The Toclafane were the final form of the human race, cyborgs integrated into spherical, mechanical shells. (TV: Last of the Time Lords) The name "Toclafane" was given to them by the Master, after a fairy tale monster from Gallifrey, the local equivalent of Earth's "Boogeyman". (TV: The Sound of Drums)
The Toclafane were cyborgs used as the Master's brawn and muscle when taking over Earth. They were the heads of humans from the year 100 trillion integrated into a dark-grey sphere-shaped metallic shell, held together with a magnetic clamp. The humans had wiring plugged into their wizened heads. The spheres were very little over a foot tall and were sealed shut. They became a hive mind, allowing them to see the destruction of an individual as no threat. Their personality was amoral and childlike from a failed attempt to regress themselves to children; instead having rather primitive emotional traits and an enjoyment in killing their great ancestors because "it's fun". (TV: Last of the Time Lords)
Each Toclafane had built-in life-support and teleportation systems. The shells were capable of flight, and could survive the harsh climate and temperature of space with no side-effects. Concealed within the shell were extendable razor-sharp blades and spikes, used as their up-close-and-personal weaponry. The spheres were also equipped with red laser guns that could disintegrate life forms. (TV: The Sound of Drums) The spheres could be shot down by an electrical surge of 58.5 kiloamperes, with a transferred charge of 510 megajoules precisely. Man-made electrical barriers could be constructed to sustain the right energy level balance needed to successfully fry the technology incorporated into the Toclafane spheres, rendering them useless and making them drop to the ground, although the human head would still survive. (TV: Last of the Time Lords)

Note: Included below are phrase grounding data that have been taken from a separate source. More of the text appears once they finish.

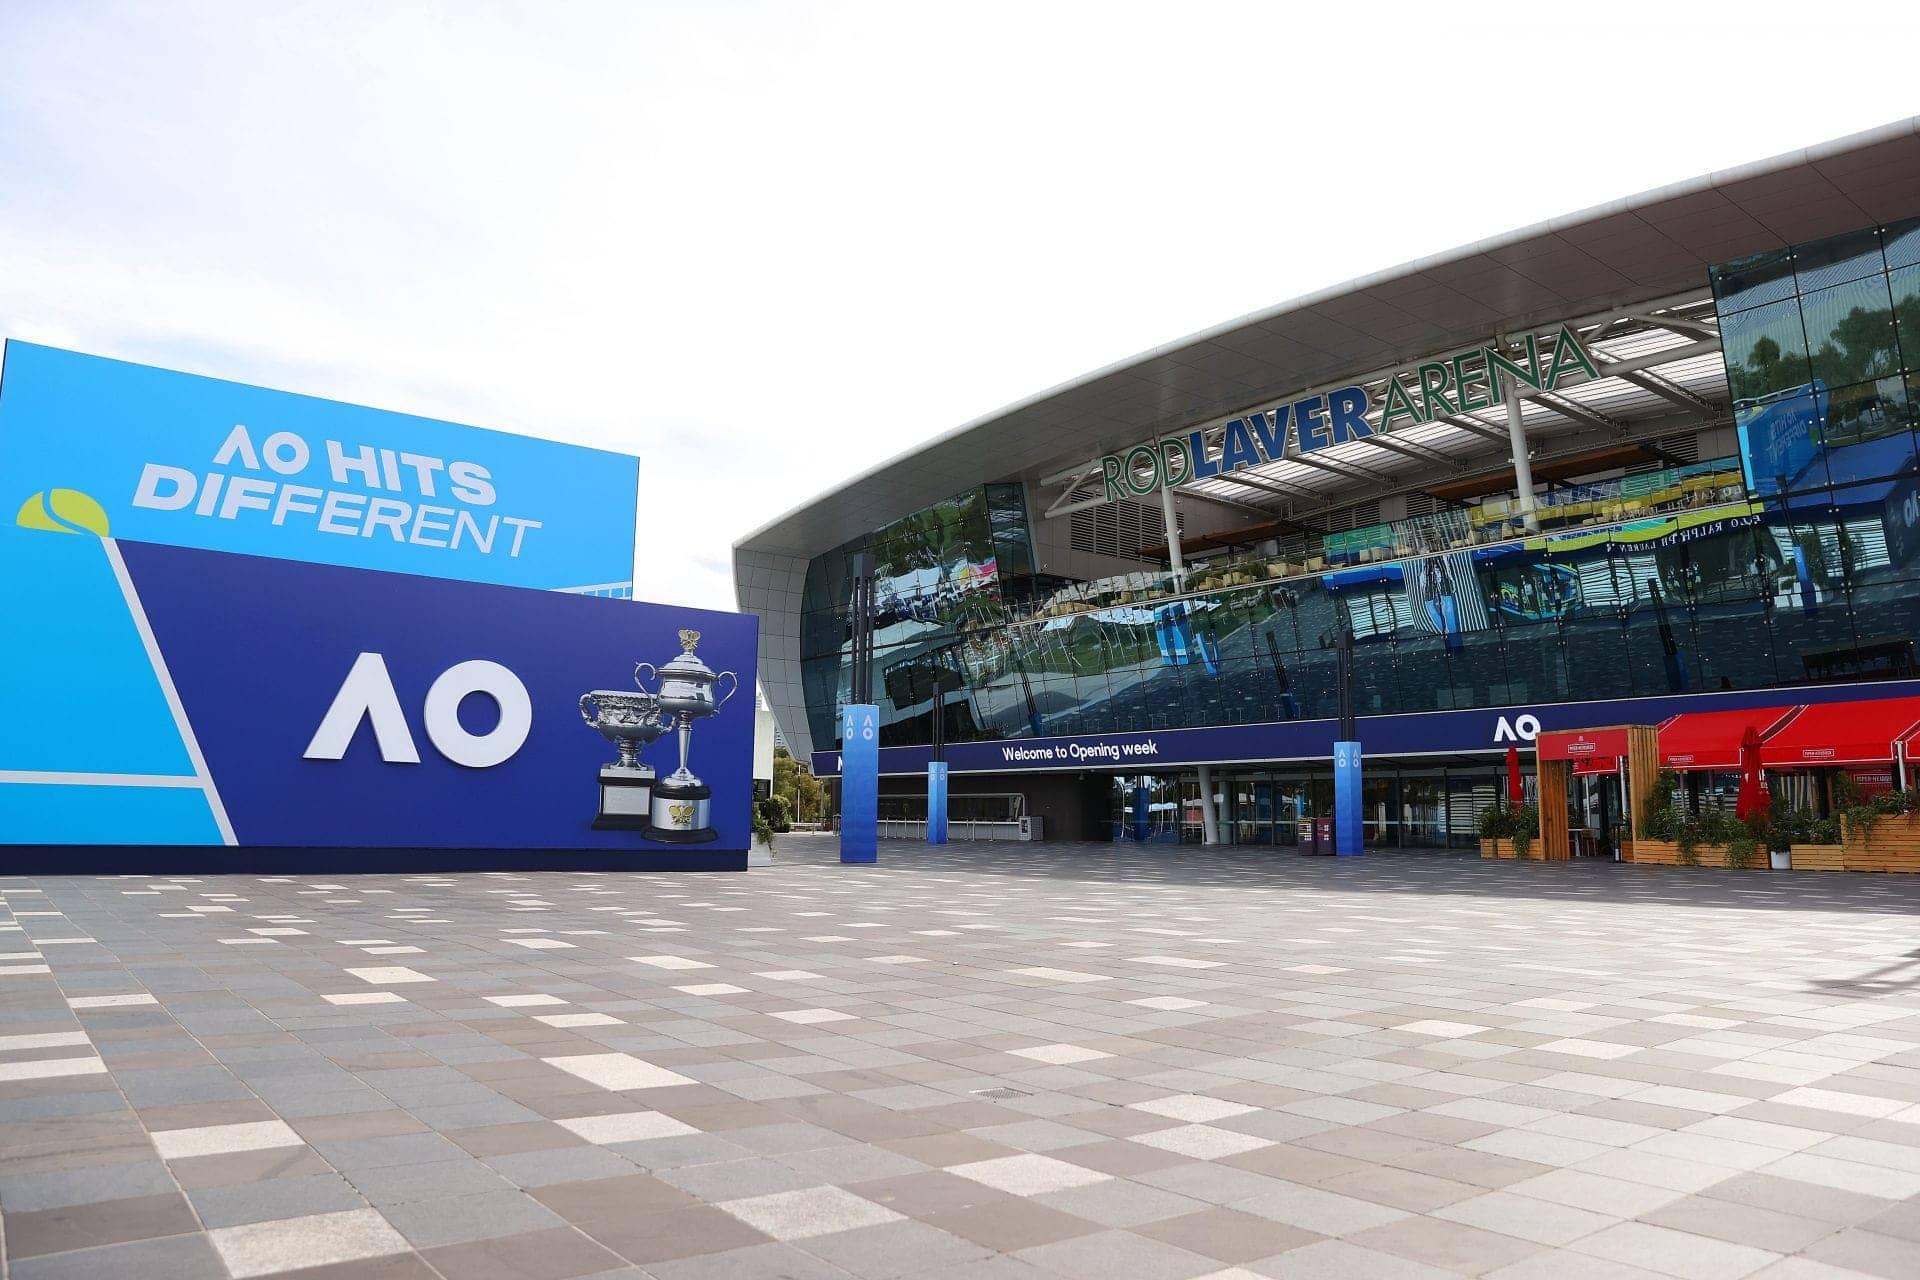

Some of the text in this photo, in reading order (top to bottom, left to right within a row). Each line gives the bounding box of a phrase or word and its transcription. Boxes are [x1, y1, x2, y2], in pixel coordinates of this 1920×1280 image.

[1102, 322, 1601, 503] ROD LAVER ARENA
[132, 462, 542, 557] DIFFERENT
[212, 424, 498, 506] AO HITS
[303, 652, 532, 768] AO
[1002, 739, 1158, 762] Welcome to Opening week
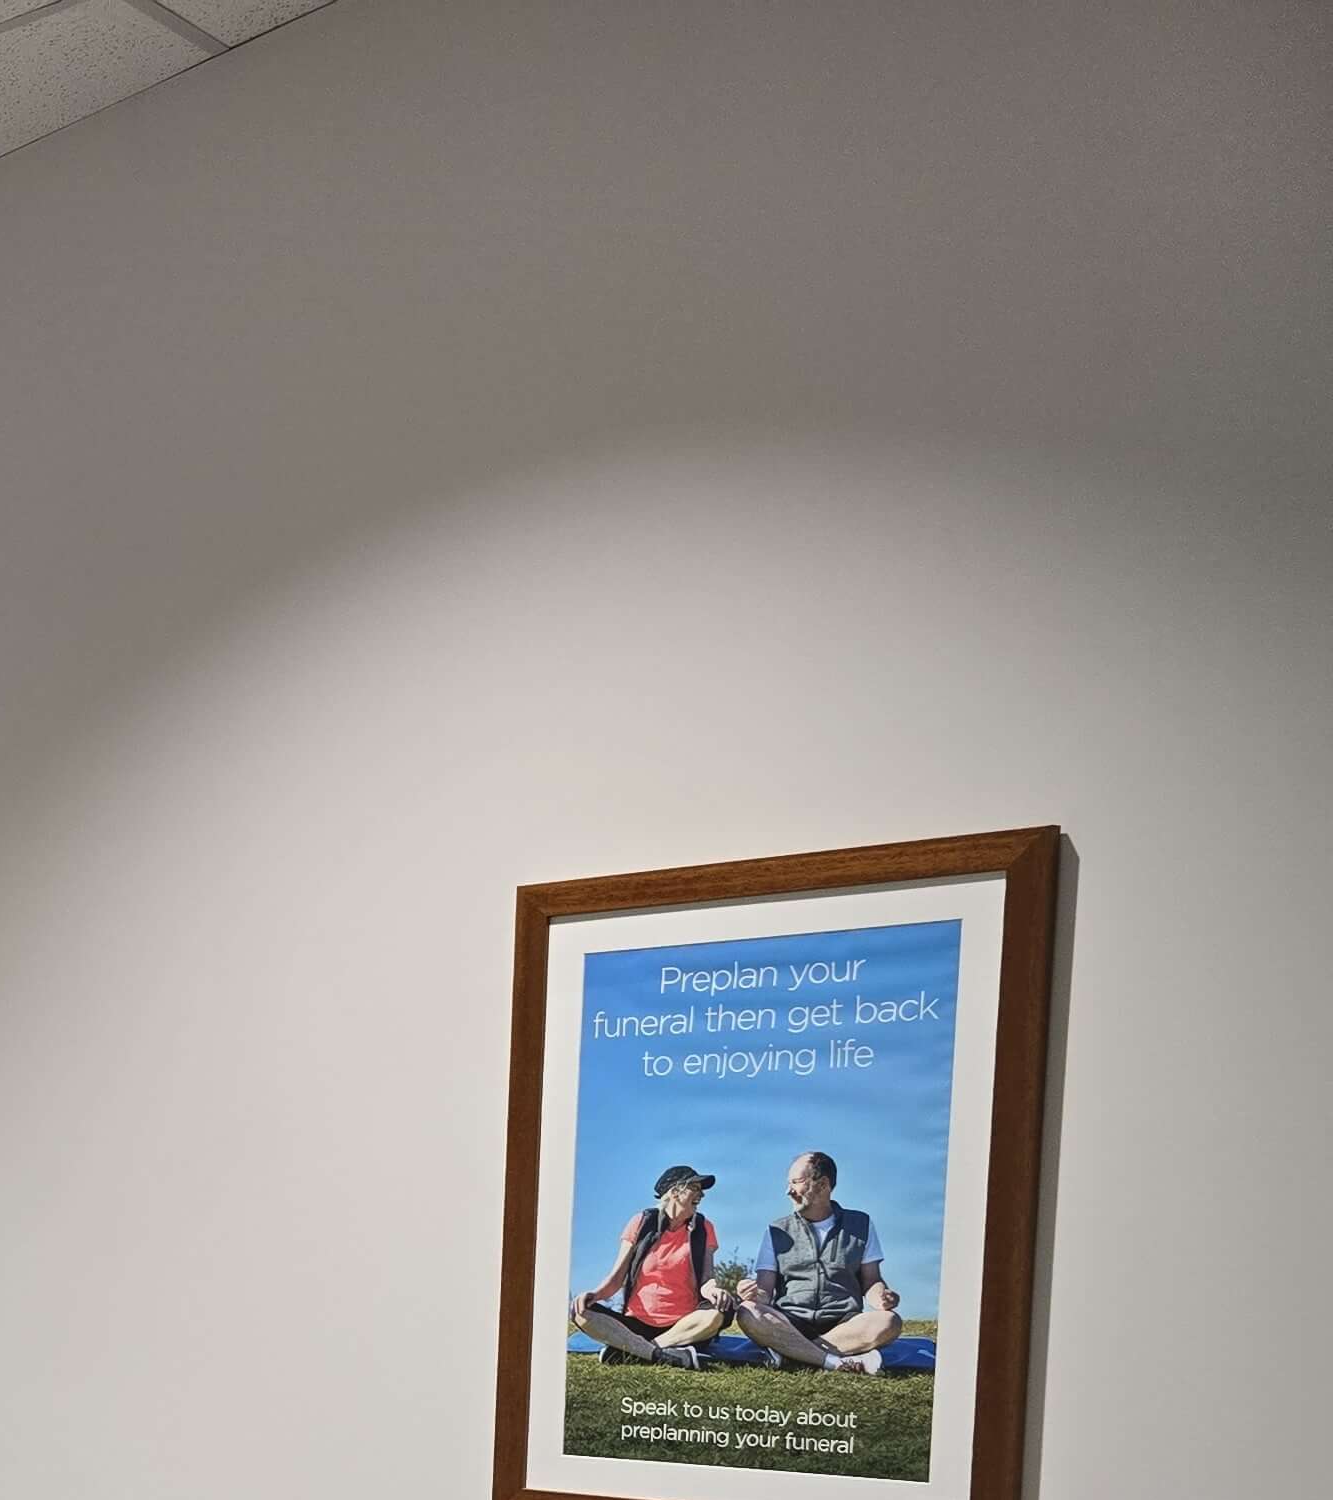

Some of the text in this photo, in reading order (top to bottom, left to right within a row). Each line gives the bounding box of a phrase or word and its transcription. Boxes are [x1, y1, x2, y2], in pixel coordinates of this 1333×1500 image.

[660, 959, 867, 996] Preplan your
[592, 991, 940, 1039] funeral then get back
[642, 1039, 875, 1079] to enjoying life
[620, 1396, 858, 1430] Speak to us today about
[621, 1421, 856, 1455] preplanning your funeral

The last of humanity, scattered across the darkness of space, received a message that said "Come to Utopia". Because the Utopia Project was set up to find a way to survive the end of the universe, everyone believed they had found a way. Humans attempted to travel to the mythical paradise, (TV: Utopia) but what they found was a dark, cold and inhospitable world. To survive, the human race "evolved" into the Toclafane, essentially cannibalising themselves and regressing to children. Even so this was not enough, as the universe was still collapsing around them.
The Master, using the Doctor's TARDIS, travelled to the planet in the year 100,000,000,000,000 where he met them. Over time, he became master over them and devised a plan to enable them to change history and survive. He soon saw them as his "children". (TV: Last of the Time Lords)

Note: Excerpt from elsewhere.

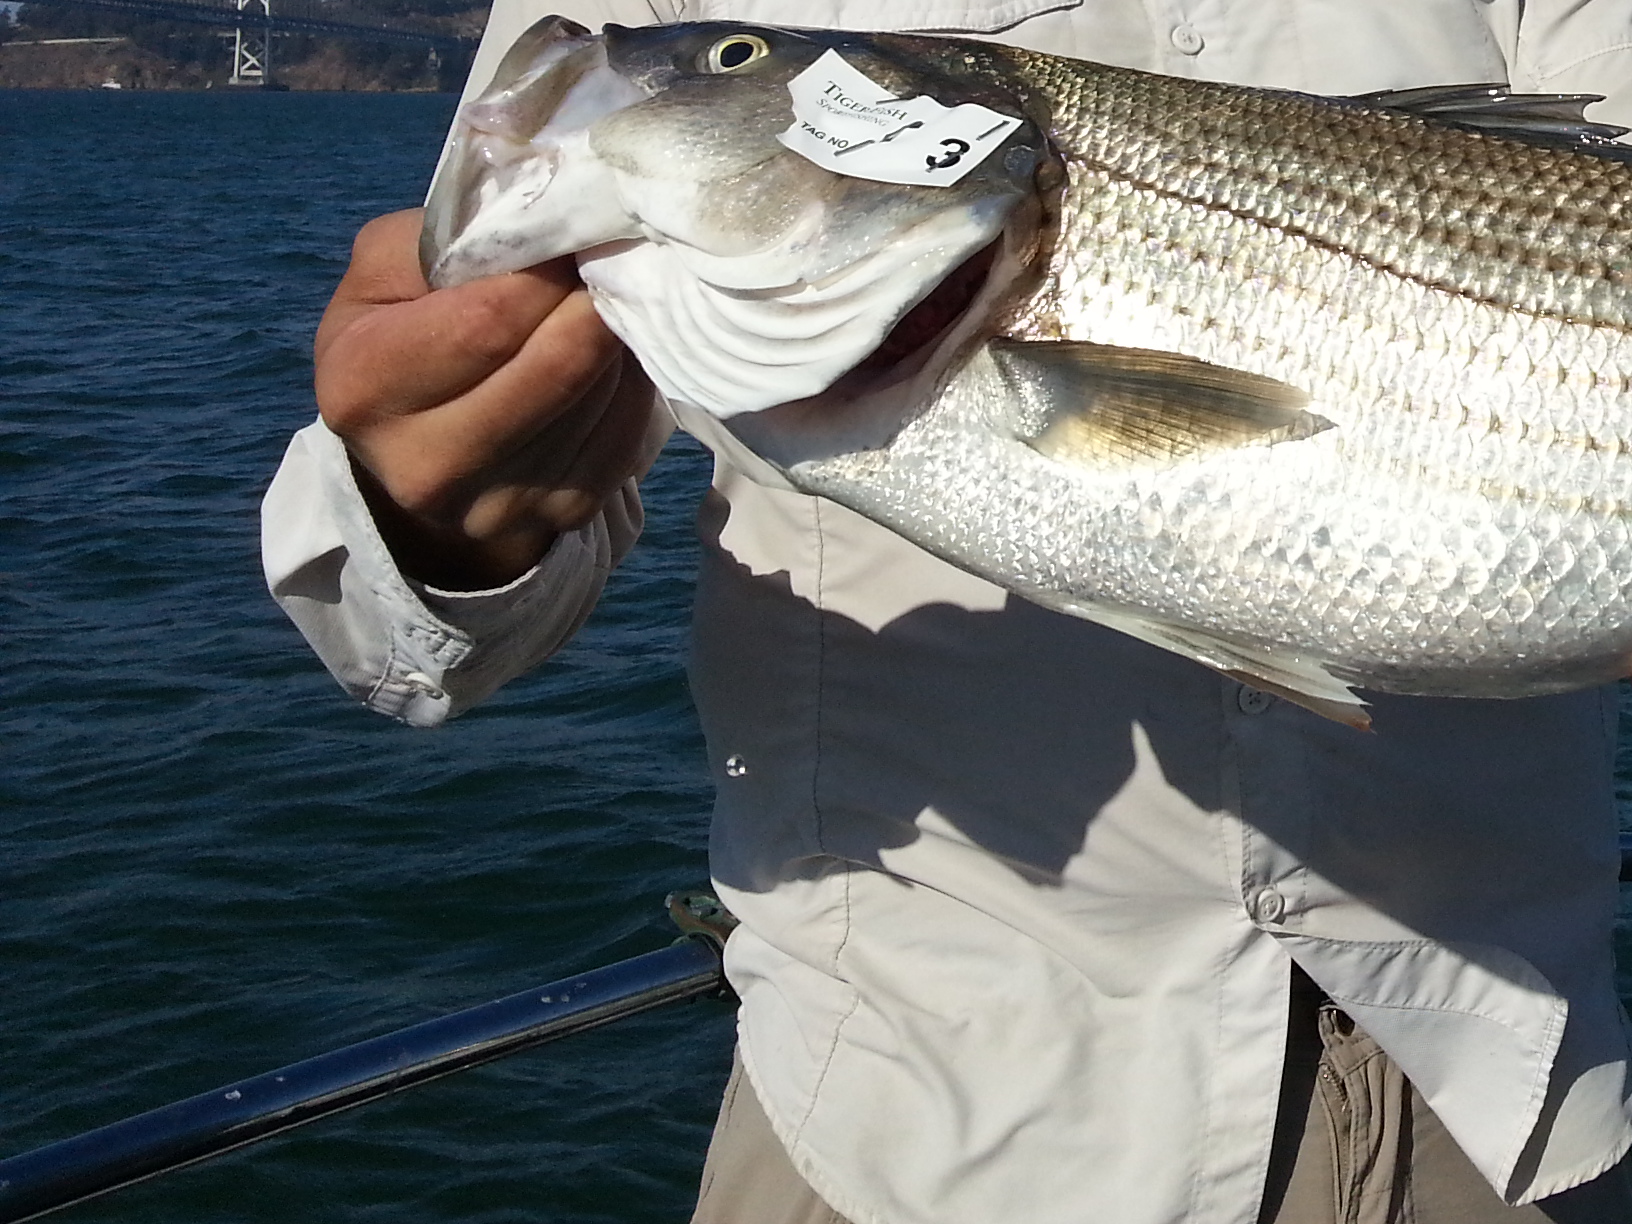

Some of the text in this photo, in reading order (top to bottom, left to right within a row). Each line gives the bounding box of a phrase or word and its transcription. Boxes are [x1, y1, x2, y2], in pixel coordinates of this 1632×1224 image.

[800, 120, 850, 149] TAG NO
[926, 137, 971, 169] 3

As Prime Minister of Great Britain, the Master announced he had made contact with a race of friendly aliens. The Toclafane had tractable, child-like personalities and trusted the Master. The Master had, by this time, converted the TARDIS into a paradox machine, allowing the six billion Toclafane to invade Earth in their own past and change their own history. (TV: The Sound of Drums) With the Toclafane, the Master built the beginnings of a new Time Lord Empire with the army of six billion Toclafane. (TV: Last of the Time Lords)

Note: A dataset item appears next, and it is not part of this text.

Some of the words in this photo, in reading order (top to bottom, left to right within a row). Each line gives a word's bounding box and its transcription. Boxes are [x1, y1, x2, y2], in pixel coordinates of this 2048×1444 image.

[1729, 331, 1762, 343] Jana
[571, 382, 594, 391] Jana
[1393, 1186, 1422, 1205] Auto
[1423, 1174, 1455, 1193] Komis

The Toclafane invasion was a success. The Master ordered the Toclafane to remove one tenth of the population of Earth. (TV: The Sound of Drums) They subjugated humanity and forced them to build a fleet of 200,000 rockets to take over the rest of the universe. Their plans were thwarted one year after the invasion by the Doctor and his associates. Jack Harkness destroyed the paradox machine with an assault rifle, forcing the Toclafane back into their relevant time-line. Humanity, aside from those on the Valiant, did not remember they had been invaded. (TV: Last of the Time Lords)
Behind the scenes Edit
- Russell T Davies came up with the original design and idea for the Toclafane in 2004, and briefly considered using them as a replacement for the Dalek in series 1's Dalek, had rights issues to the Daleks not been worked out. This early version was called "Future Human" and Davies' original illustration is included in Doctor Who: The Writer's Tale - The Final Chapter.